EE 587 – Nonlinear and Adaptive Control

Mihailo Jovanovic, University of Southern California, Spring 2018

Target audience

Graduate students with interests in control and dynamical systems, artificial intelligence and machine learning, signal and image processing, communications, computer science and engineering, optimization, robotics, power systems, systems biology, and financial engineering.

Course description

Introduction and examples of nonlinear systems. State-space models. Equilibrium points. Linearization. Range of nonlinear phenomena: finite escape time, multiple isolated equilibria, limit cycles, chaos. Bifurcations. Phase portraits. Bendixson and Poincare-Bendixson criteria. Mathematical background: existence and uniqueness of solutions, continuous dependence on initial conditions and parameters, normed linear spaces, comparison principle, Bellman-Gronwall Lemma.

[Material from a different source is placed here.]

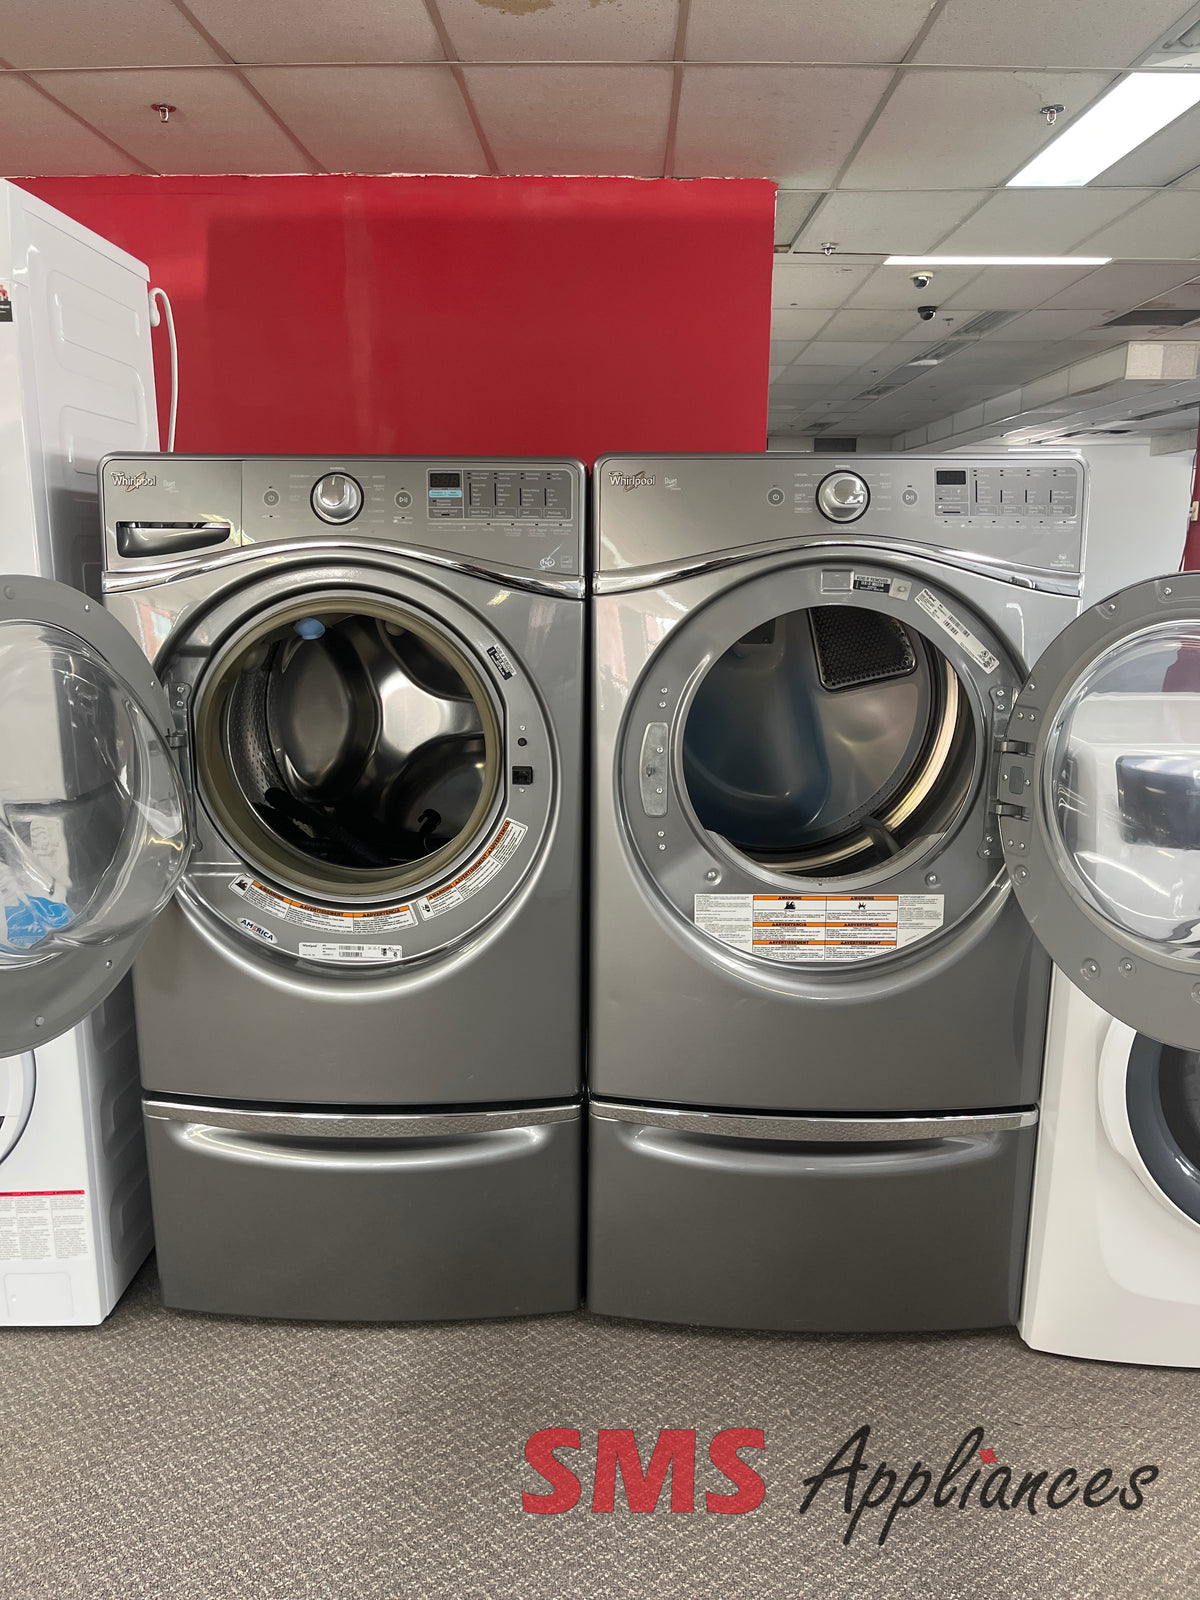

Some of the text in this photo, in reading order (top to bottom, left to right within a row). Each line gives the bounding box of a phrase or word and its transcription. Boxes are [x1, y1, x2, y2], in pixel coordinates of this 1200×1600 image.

[110, 471, 157, 492] Whirlpool
[608, 471, 657, 492] Whirlpool
[240, 919, 274, 941] AMERICA

Lyapunov stability. Lyapunov's direct method. Lyapunov functions. LaSalle's invariance principle. Estimating region of attraction. Control Lyapunov functions. Center manifold theory. Stability of time-varying systems. Gradient algorithm for estimation of unknown parameters. Uniform observability and persistency of excitation. Input-output and input-to-state stability. Small gain theorem. Positive real transfer functions. Kalman-Yakubovich-Popov Lemma. Passivity. Circle and Popov criteria for absolute stability. Rudiments of the theory of integral quadratic constraints. Feedback and input-output linearization. Relative degree and zero dynamics. Model reference adaptive control. Integrator backstepping. Adaptive backstepping design.

Class schedule
TuTh, 9:30 - 10:50am, Vivian Hall (VHE) 206, Jan 8 - May 9, 2018

Instructor and Teaching Assistant

  • Instructor
    Mihailo Jovanovic
    Office: EEB 324
    Office hours: Tu 2:00pm - 3:00pm (or by appointment)

  • Teaching Assistant
    TBA

Text and software

  • Book
    Hassan K. Khalil
    Nonlinear Systems
    Prentice Hall, Third Edition, ISBN 0-13-067389-7

  • Software
    Homework sets will make a use of Matlab or Simulink

Grading policy

  • Homework (40%)
    Midterm exam (30%)
    Final exam or Project (30%)

  • Homework policy
    Homework is intended as a vehicle for learning, not as a test. Moderate collaboration with your classmates is encouraged. However, I urge you to invest enough time alone to understand each homework problem, and independently write the solutions that you turn in. Homework is generally handed out every other Thursday, and it is due at the beginning of the class a week later. Late homework will not be accepted. Start early!

  • Tentative exam schedule
    Midterm: March 27
    Final exam or Project presentation: during exam week

Prerequisites

  • Even though I plan to cover everything from scratch, the students would benefit from an exposure to linear systems (EE 585 or an equivalent course). Those interested should contact the instructor.